Posted in Fairy Tales, Fiction on January 16th, 2013 by Annabelle – 15 Comments

The frog contemplated the golden ball.  It glittered through the murky water, half-buried in the black silt of the pond’s bottom.  He could hear the princess crying above, her voice weirdly distorted by the water but still distinguishable.  The wavering image on the surface showed him a green dress and dark red hair.  Red.  Never his favorite.

He swam over and prodded the ball with one sticky toe.  It was his way out of this mess, he supposed.  Back to the old life of flavored ices and servant girls, assuming he could avoid marrying the weeper.  He slowly blinked the nictitating membrane across his eye, the best he could do for a nostalgic sigh in this clammy body.  It had been a good life, if not useful.  He’d been an idle prince at best, years from responsibility in a peaceful kingdom that did just fine with no help from him.  Lovely.

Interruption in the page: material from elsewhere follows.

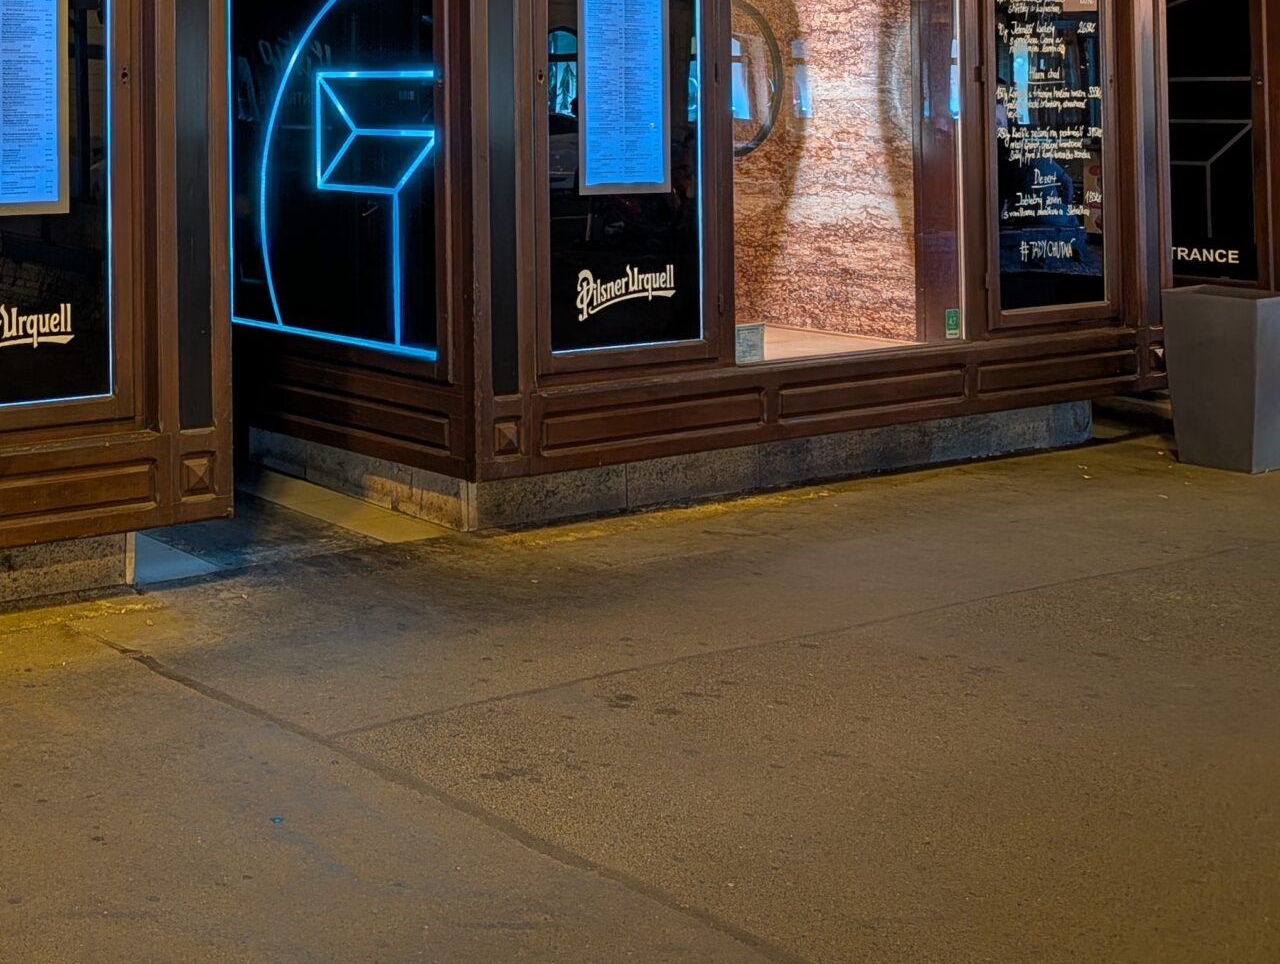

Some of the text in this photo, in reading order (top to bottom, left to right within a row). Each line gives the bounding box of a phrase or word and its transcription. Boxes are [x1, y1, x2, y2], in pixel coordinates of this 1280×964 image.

[576, 264, 674, 322] Pilsner Urquell
[0, 304, 72, 348] Urquell

His parents had put it about that it had been a spiteful fairy, he’d heard.  It probably sounded better than admitting that he’d insulted a witch on his way out of her rumpled cottage bed the second night, and that she had decided sliminess suited him.  True love.  He would have rolled his eyes if he could have.  But it only had to be true love for her, didn’t it?  That might not be so hard.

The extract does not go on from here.